Reproduce all of the data exactly. Images are not to appear in the reply.

(Saved data entries)
BEGIN

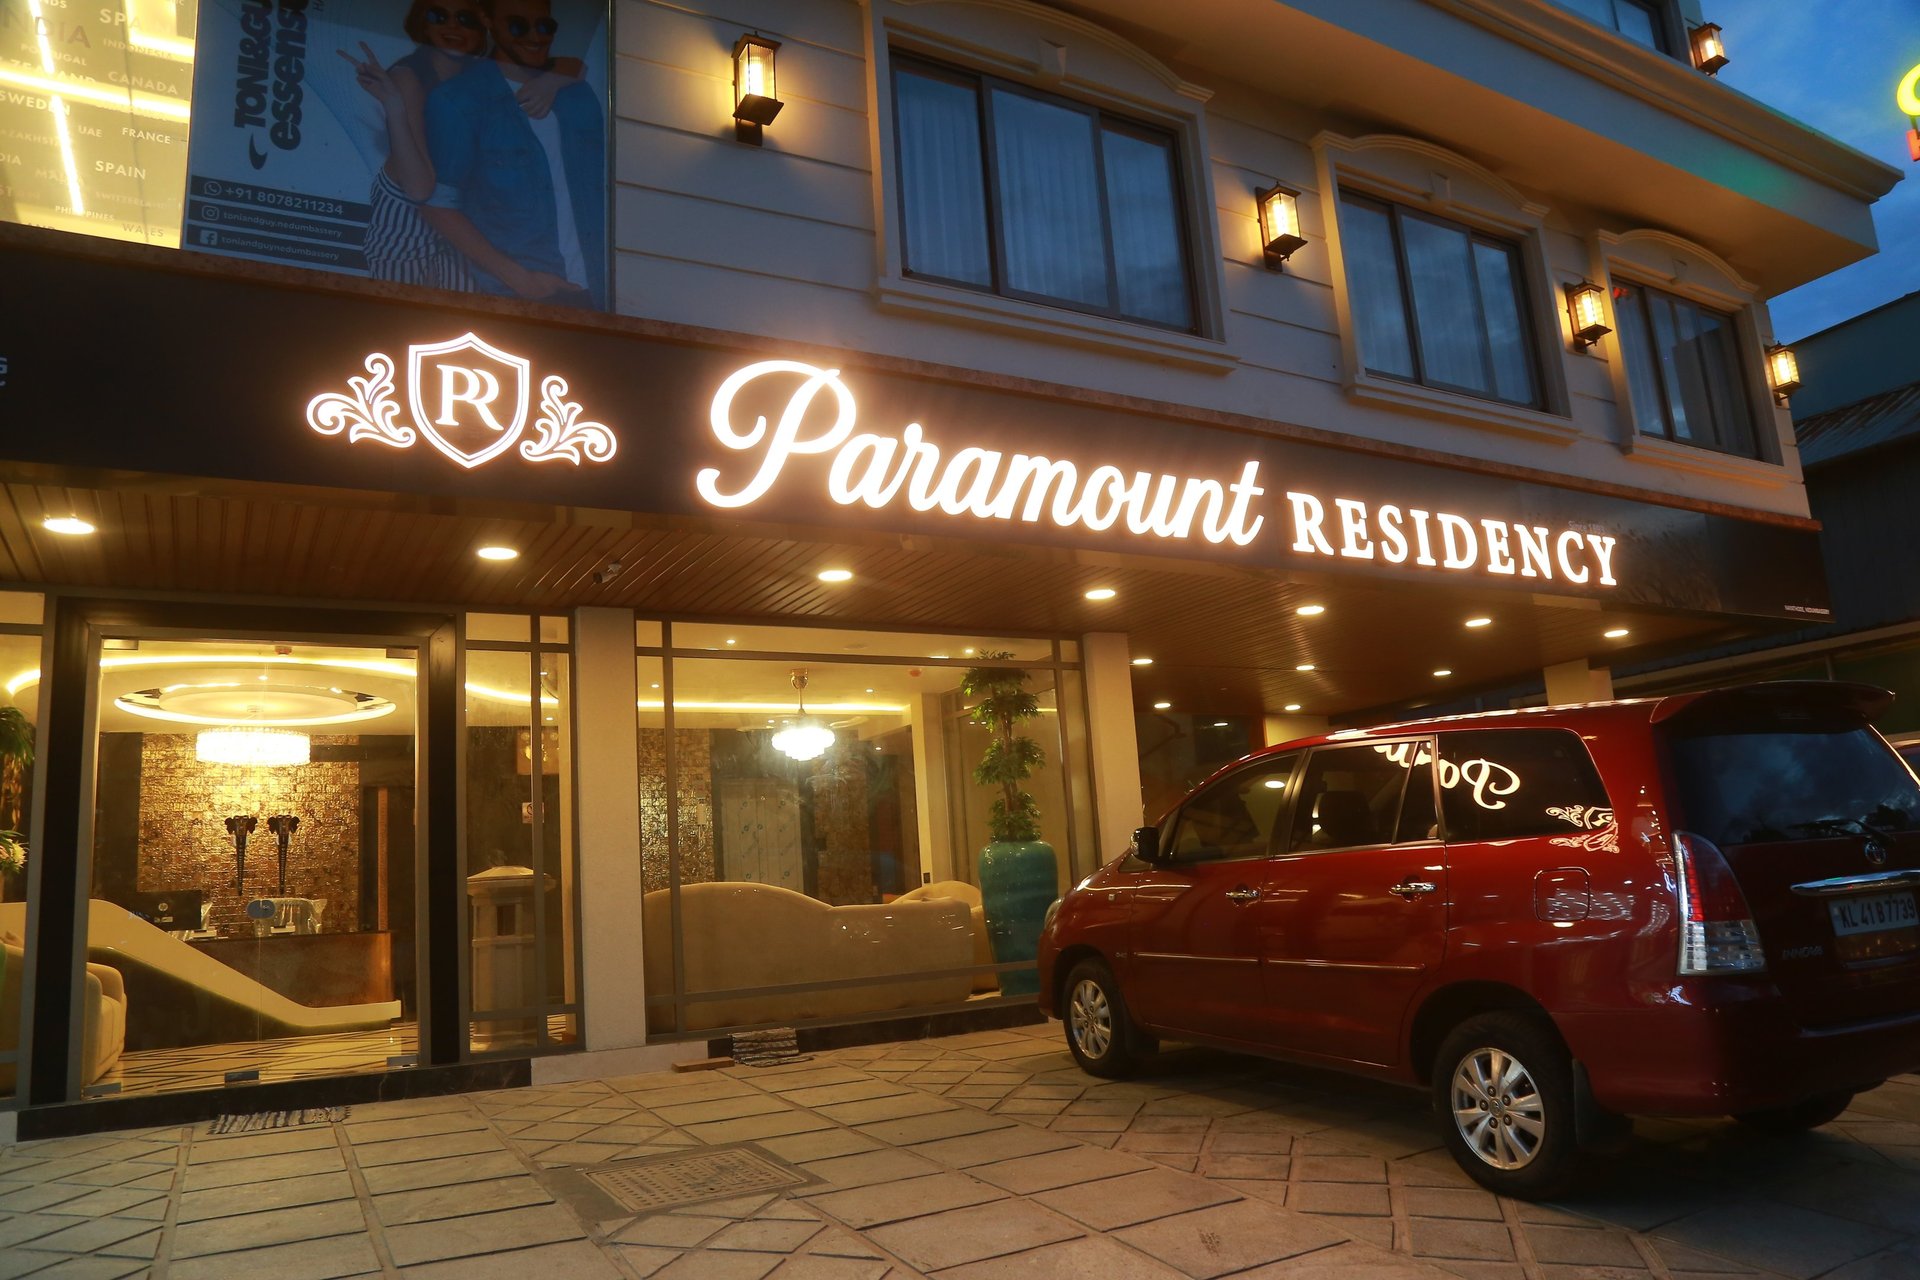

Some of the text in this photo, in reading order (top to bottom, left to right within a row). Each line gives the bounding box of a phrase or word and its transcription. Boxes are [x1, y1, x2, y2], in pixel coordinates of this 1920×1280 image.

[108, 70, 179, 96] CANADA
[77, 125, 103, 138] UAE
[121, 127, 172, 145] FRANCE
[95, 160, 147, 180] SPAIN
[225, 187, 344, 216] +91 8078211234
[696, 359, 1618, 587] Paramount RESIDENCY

END

Written response:
Some of the text in this photo, in reading order (top to bottom, left to right within a row). Each line gives the bounding box of a phrase or word and its transcription. Boxes are [x1, y1, x2, y2], in pixel coordinates of this 1920×1280 image.

[108, 70, 179, 96] CANADA
[77, 125, 103, 138] UAE
[121, 127, 172, 145] FRANCE
[95, 160, 147, 180] SPAIN
[225, 187, 344, 216] +91 8078211234
[696, 359, 1618, 587] Paramount RESIDENCY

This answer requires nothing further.